To be honest it’s not much of a film with poor handling an uninspiring pair of leads (two wisecracking reporters with zero believable chemistry; she’s way too hot for him – such was life in war torn Hollywood with so many leading men away in the forces). Lugosi goes on a rampage but it’s not much of a rampage – however there is a satisfying camp moment where the gorilla (well, man in gorilla suit) strangles him. There’s a bit at the end from someone who claims to be the author of the story – he winks at the camera and it goes to the end. That might be funnier in a better movie.

Radio review – Lux#415 - "China" (1943) **

In radio format, without the faces of the stars and John Farrow’s direction, the weaknesses of the story are all too highlighted. Alan Ladd, Loretta Young and William Bendix repeat their roles and it’s always cool to have Alan Ladd as a tough guy in the third world, its fairly uninspired. Most of the fun comes from listening to Young praise the Chinese guerrillas and the Chinese government as sticking up for the little guy. De Mille and Young talk affectionately about Madame Kai-Shek in the post-show chat.

TV review – “Battlestar Galactica: Razor” (2006) ****

A telemovie to cover the break between Season 3 and Season 4 makes the smart decision of having the lead character be entirely new. This is smart because there’s only so much we can do with our regulars – I thought that’s what they should do with Attack of the Clones. Australia’s Stephanie McIntosh provides the second antipodean accent in the Galactica universe (after Lucy Lawless) which is a bit clunky – I'm as patriotic as the next Aussie but surely it would have been better to have a Frenchie, Indian, Chinese, Russian, Italian, etc. She has a sub-Angelina Jolie pout but its very effective and the story is strong, hopping around in time, with flashbacks fleshing out Cain, the Pegasus backstory, etc. The combat scenes are as always excellent.

Friday, May 01, 2009

Movie review – Elvis#23 - “Easy Come Easy Go” (1967) **

Elvis moves were one of the most conservative of the 60s – they started to swing a little by this stage, but not a lot. There’s slightly groovier fashions and hair, jokes about hippies (Elsa Lancaster as a yoga instructor) and expressions like “dig”, but Elvis is still in the services hanging out with his mates getting up to uninspired adventures.

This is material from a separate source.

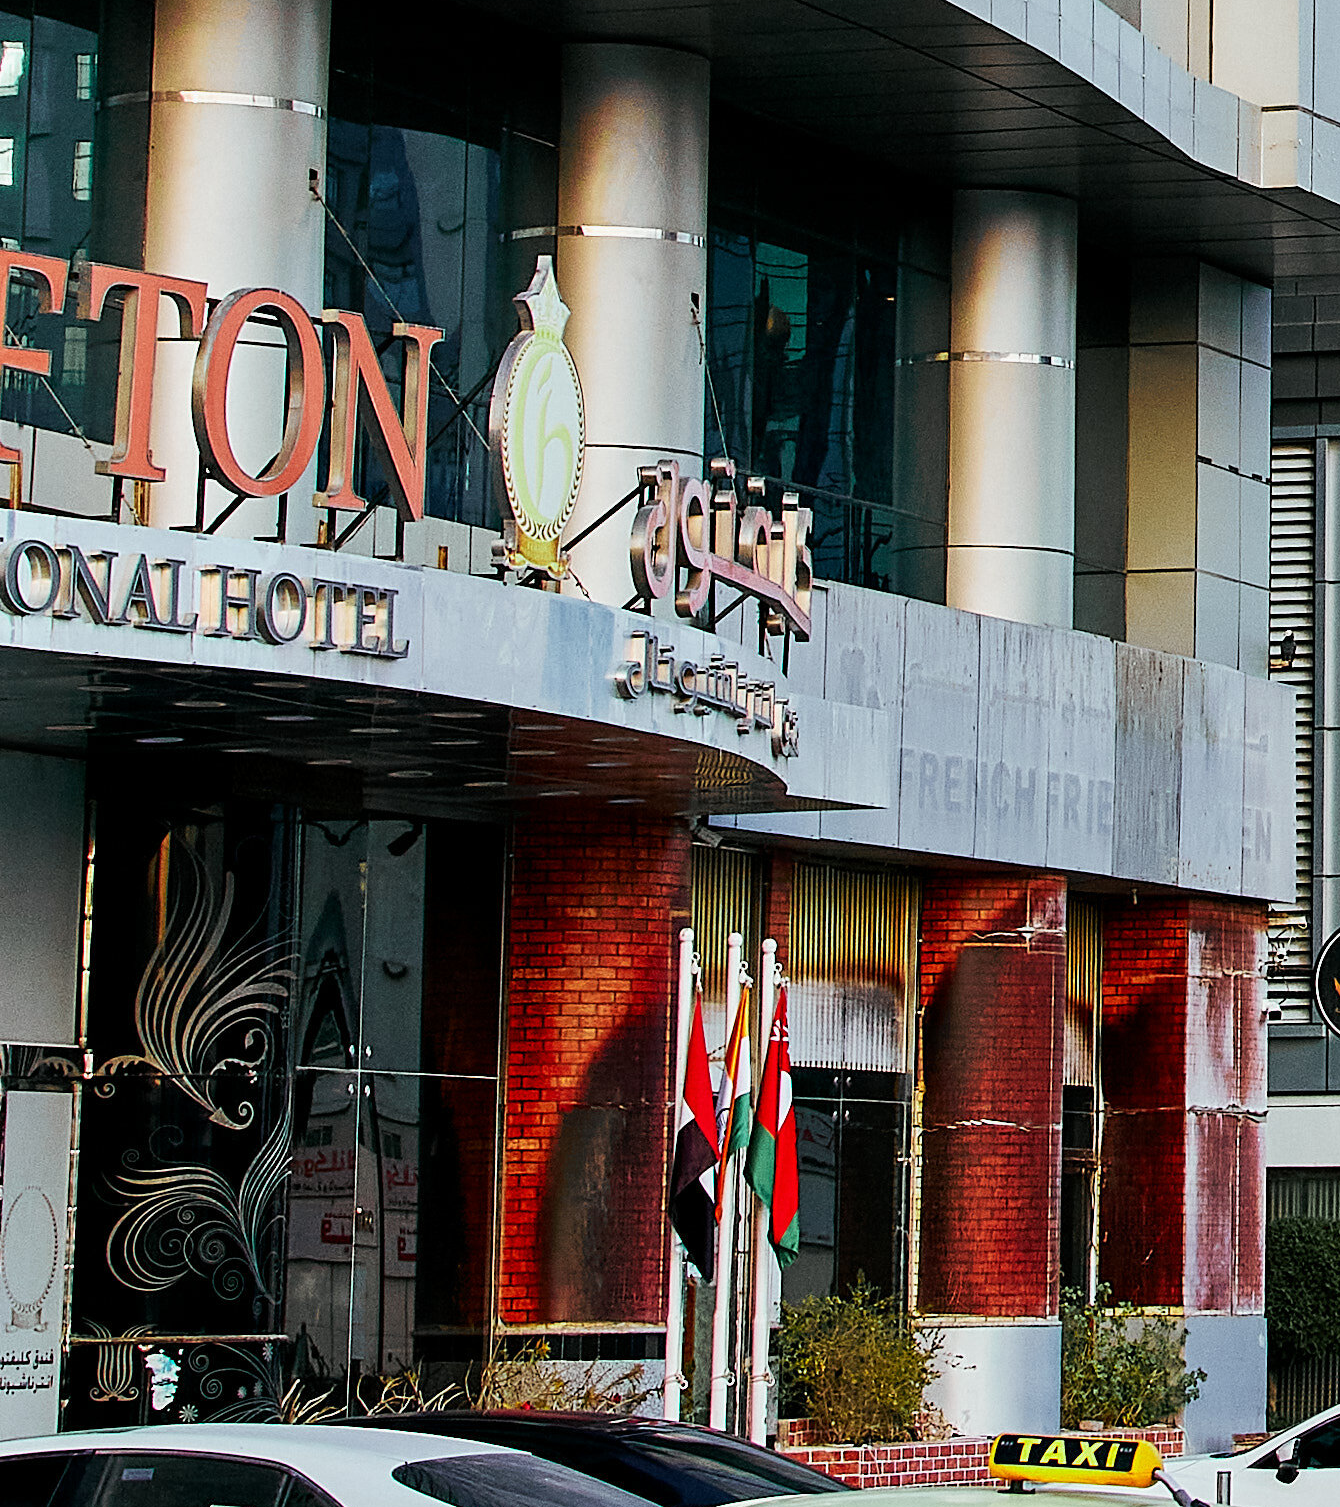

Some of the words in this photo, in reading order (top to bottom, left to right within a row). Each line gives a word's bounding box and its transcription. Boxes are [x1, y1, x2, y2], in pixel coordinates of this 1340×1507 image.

He’s a frogman about to get out of the navy when he discovers a sunken ship which possibly has treasure. Another couple wind up after it as well, as does a hippie girl whose grandfather owned the ship, so at least this has a decent amount of conflict. There’s also a lot of cheap jokes about hippies and beatniks, double entrendes and dodgy gags, plus some pretty girls (Pat Priest - one time Marilyn Munster - and Dodie Marshall), character actors (Frank McHugh) and an underwater fight which is boring like most underwater fights. Some of the songs are OK although I wasn't surprised to learn the soundtrack was his lowest selling of all his soundtracks. Shame it couldn’t have at least been in an exotic location like Hawaii. This was Elvis' last movie with Hal Wallis.

Radio review – Command Performance with Errol Flynn (1944) **1/2

A half hour variety show for the troops, a 1944 version of Rove Live. Special guest host is Barbara Stanwyck and she performs for a crowd of WAVs. Errol Flynn is special guest star – he sings (pretty well) and takes place in a fun sketch where he washes up on an all-women ship and is the object of the captain’s lust. June Allyson, Dick Haymes and Linda Darnell help out. Good fun and a fascinating time capsule.

Radio review – Lux#214 - "The Lives of a Bengal Lancer” (1937) ***

It’s entirely appropriate that Errol Flynn step into the shoes of Gary Cooper, who played the role of the Canadian lancer in the film; Errol’s a lot more believable as a Canadian, and Brian Aherne is more English than Franchot Tone. Aherne and Flynn make believable friends – apparently Aherne was once considered for some of Flynn’s roles (including Captain Blood if I’m not mistaken). 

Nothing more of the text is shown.